Molecules that trigger the innate system were seen to interact with B cells in the adaptive system, speeding up its response.
The discovery could have implications for the effectiveness of vaccines.
The world’s first solar thermal energy field has opened in Israel’s Negev Rotem Industrial Park. The site, built under the control of Arnold Goldman, Chairman and Founder of Bright Source Energy and Luz II, will serve as a testing site for five larger solar fields the company plans to build in California’s Mojave Desert.
Sixteen-hundred computerised mirrors (heliostats) have been installed to concentrate the sun’s rays into renewable energy.
The Israeli company Do-Coop Technologies has developed a new kind of water — Neowater — which it says more closely resembles the physical properties of the water found in human cells.
The team, led by Irit Gabbai, has concluded that water found outside living organisms is “unstructured” and different from the “structured” kind found clinging to the large surface area inside the cells of living organisms, where biological reactions take place. The creation of Neowater, the company says, promises to revolutionise the outcome of experiments carried out using test tubes and the way new drugs are developed and their effects measured and perceived.
Moshe Dgani and Moshe Levy of the Israeli company Emoze have developed a free way to send unlimited emails from mobile phones.

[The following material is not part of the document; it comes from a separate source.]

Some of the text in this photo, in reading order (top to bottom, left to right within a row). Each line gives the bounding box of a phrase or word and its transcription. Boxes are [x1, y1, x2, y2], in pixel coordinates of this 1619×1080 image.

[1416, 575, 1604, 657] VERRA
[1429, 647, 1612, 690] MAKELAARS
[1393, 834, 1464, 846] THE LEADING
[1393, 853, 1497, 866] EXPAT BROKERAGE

Users simply have to download a free program from Emoze’s website (emoze.com), where the email is then “pushed” from the computer’s email in-box in real time to any standard mobile phone without even having to press the send/receive button.
Its version of push email is available in the download folder of the Nokia N series phones and very soon it will be available on the Orange Global network.
Emoze’s product is being marketed as a rival to the popular BlackBerry device.